------ Record excerpts ------

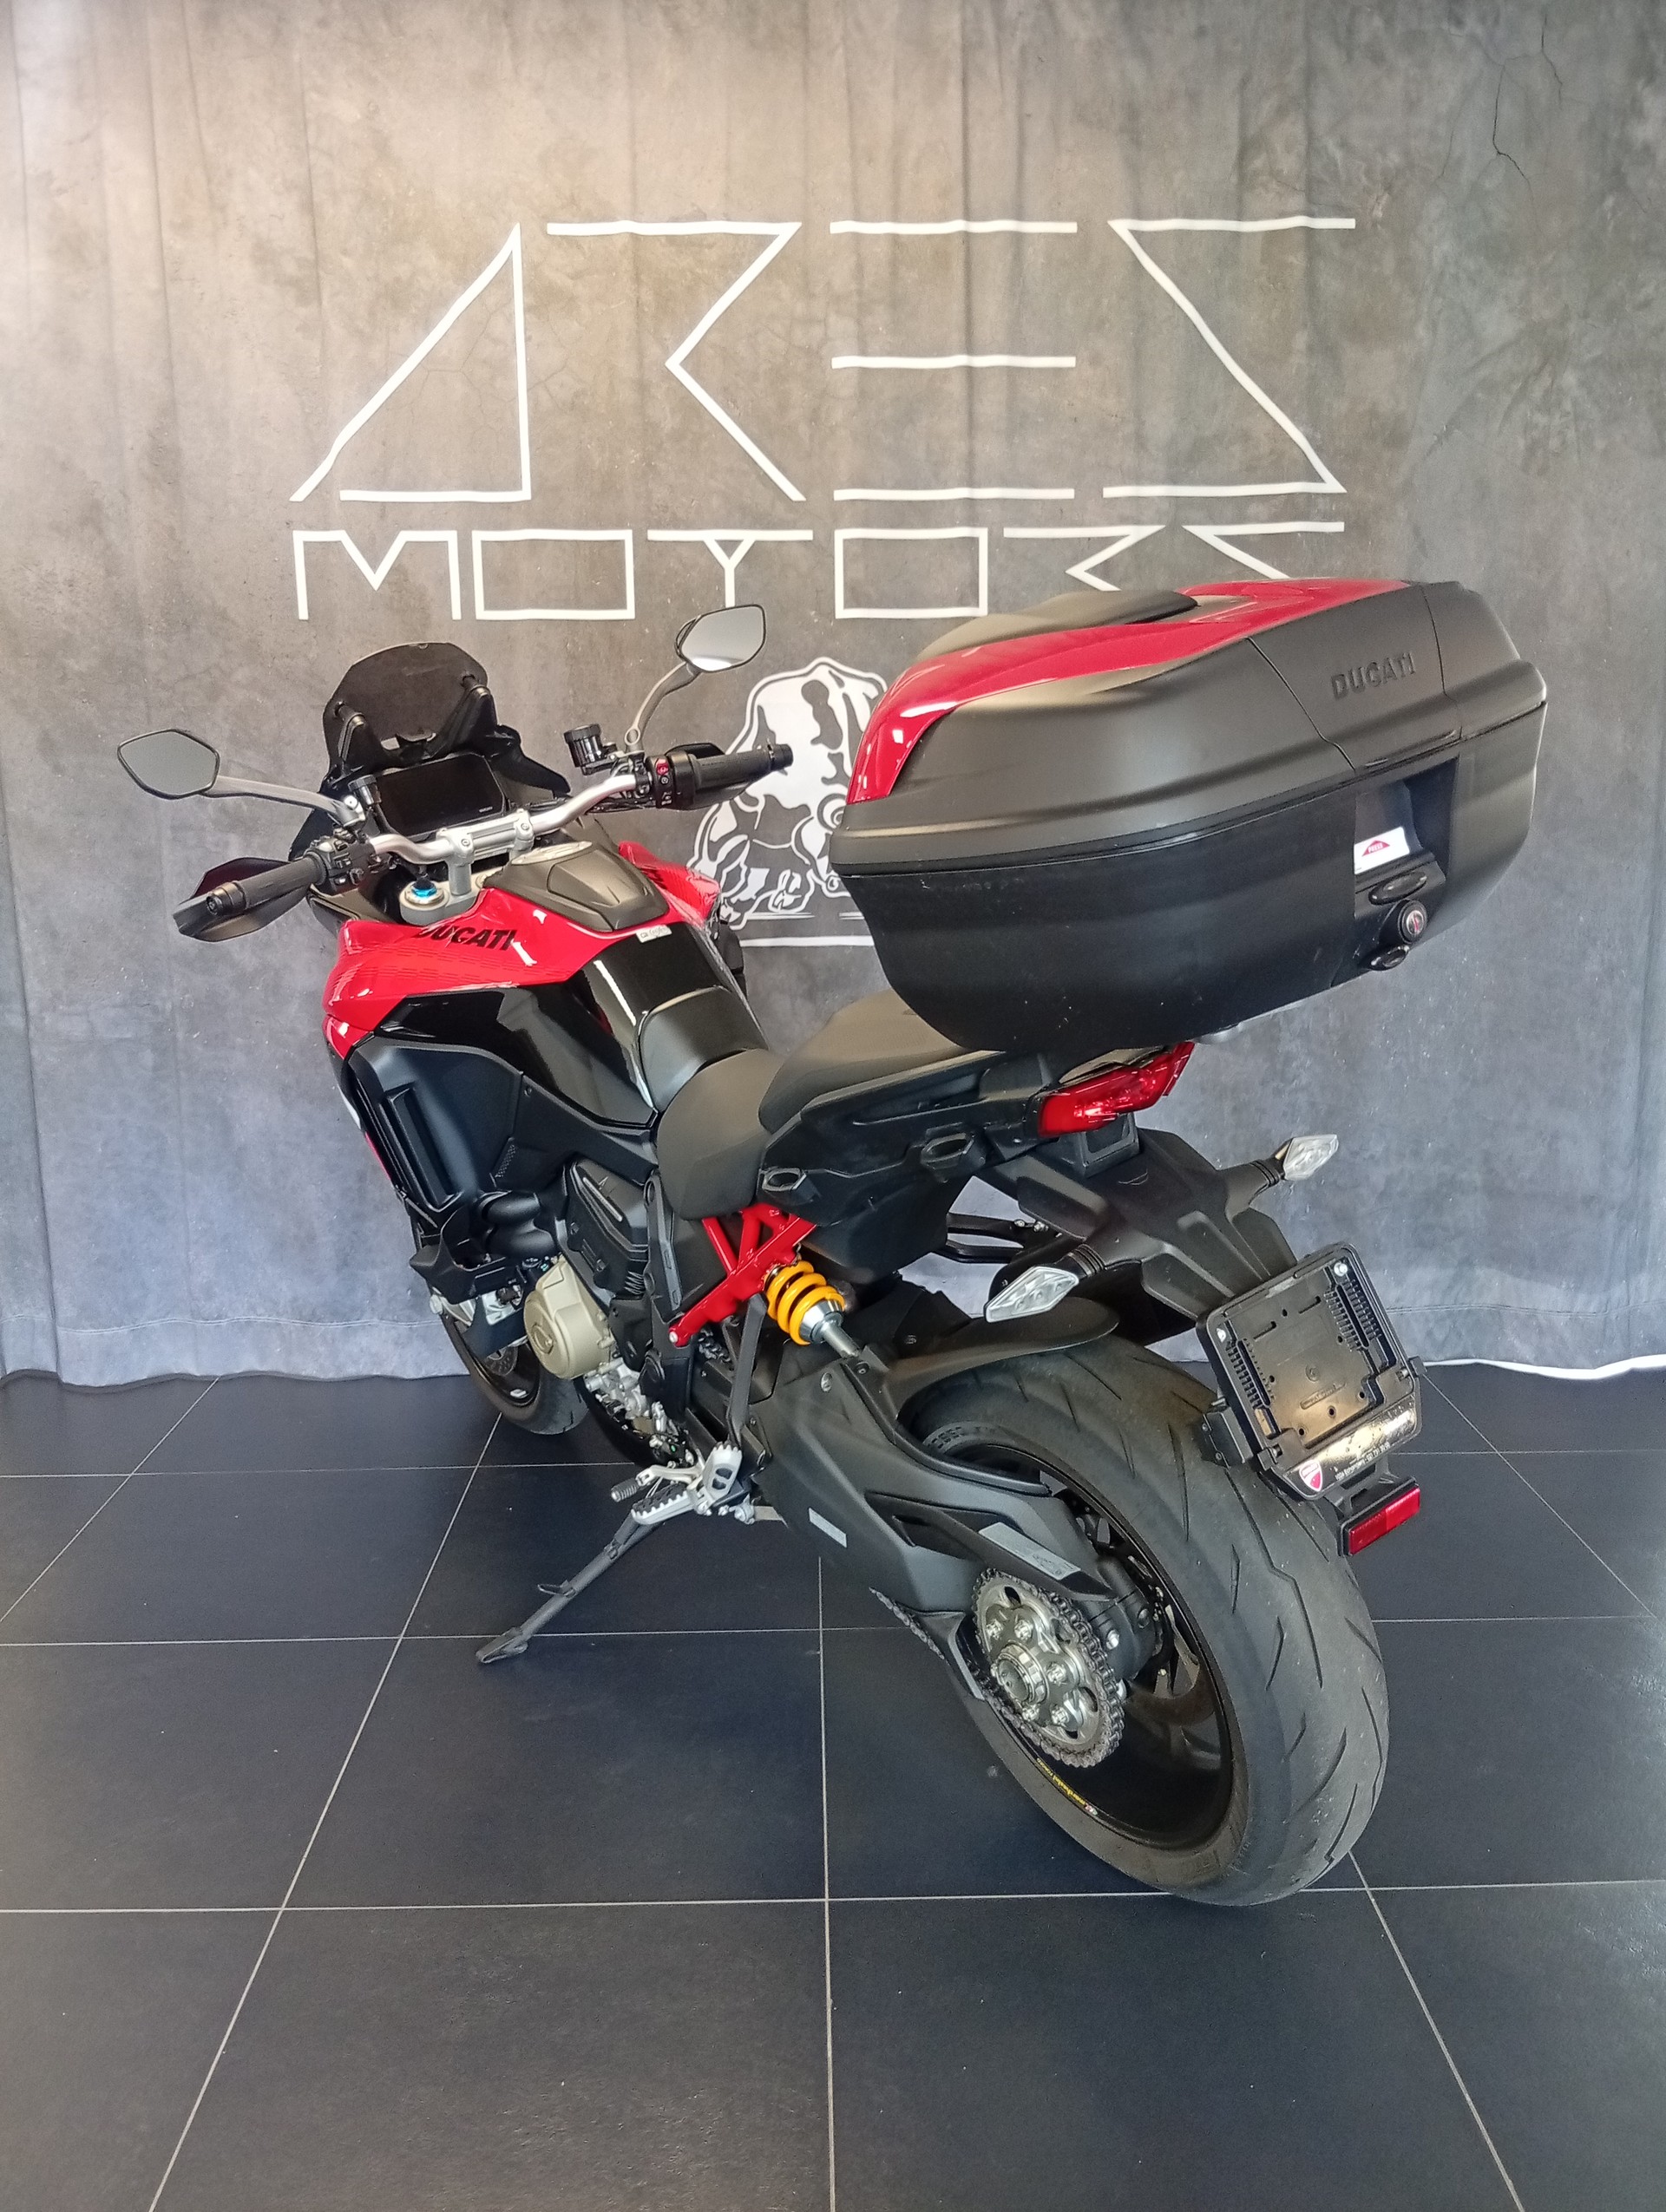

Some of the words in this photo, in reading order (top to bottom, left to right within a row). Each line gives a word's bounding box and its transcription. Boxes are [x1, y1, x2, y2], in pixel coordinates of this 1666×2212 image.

[290, 217, 1355, 501] ARES
[1331, 652, 1415, 700] DUCATI
[1368, 841, 1384, 854] PRESS
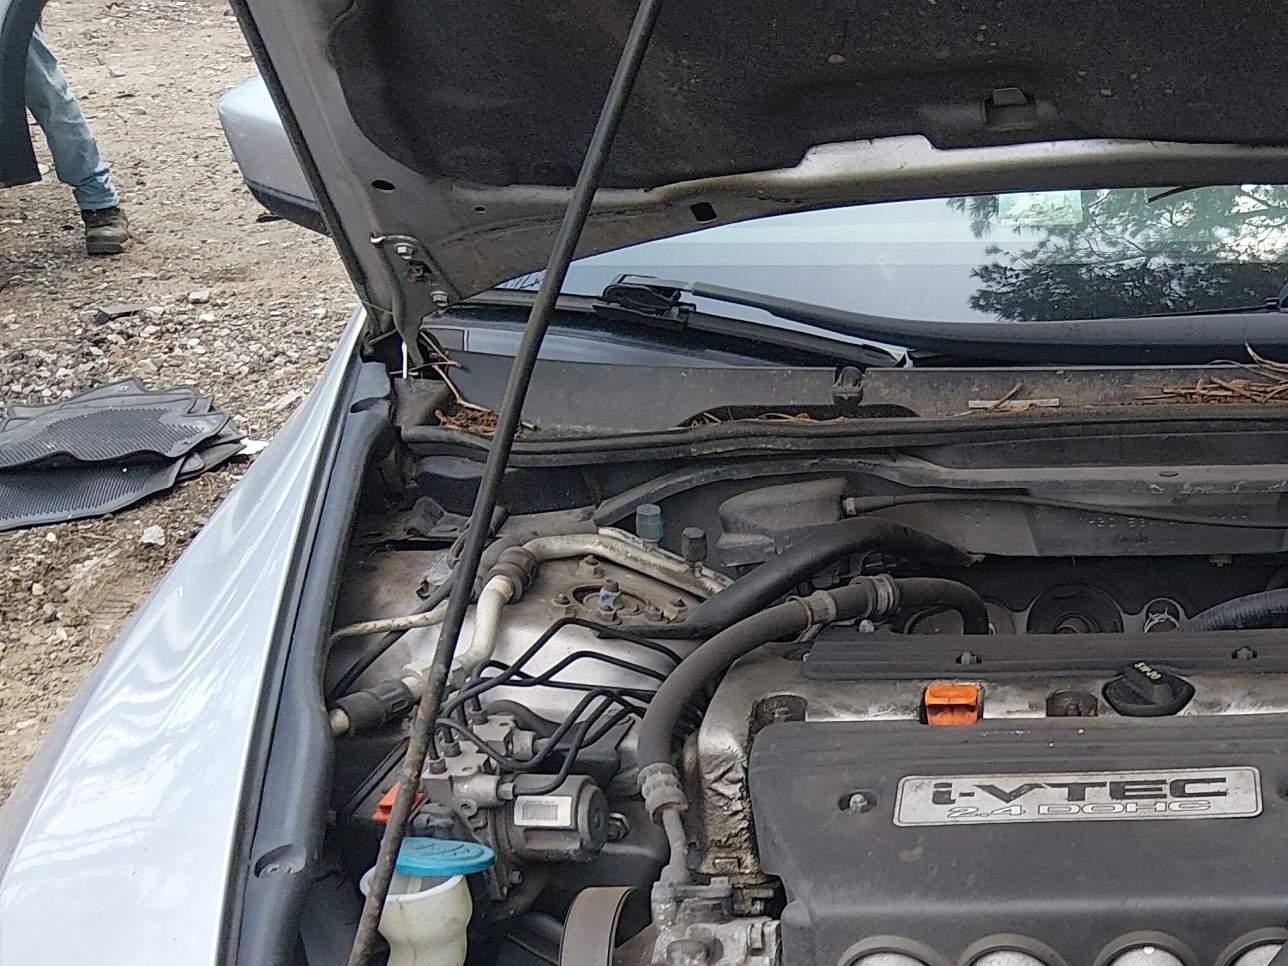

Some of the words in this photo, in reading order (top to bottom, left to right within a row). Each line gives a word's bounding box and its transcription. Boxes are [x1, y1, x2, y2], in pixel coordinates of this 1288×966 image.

------

> _What you need to do_
Your reply must contain each entry exactly as written and no pictures.

> _Exercise solution_
Some of the words in this photo, in reading order (top to bottom, left to right within a row). Each line gives a word's bounding box and its transcription. Boxes are [x1, y1, x2, y2], in pixel coordinates of this 1666×2212 image.

[290, 217, 1355, 501] ARES
[1331, 652, 1415, 700] DUCATI
[1368, 841, 1384, 854] PRESS

Some of the words in this photo, in reading order (top to bottom, left to right within a row). Each line gives a word's bounding box and its transcription. Boxes are [x1, y1, x2, y2], in pixel coordinates of this 1288×966 image.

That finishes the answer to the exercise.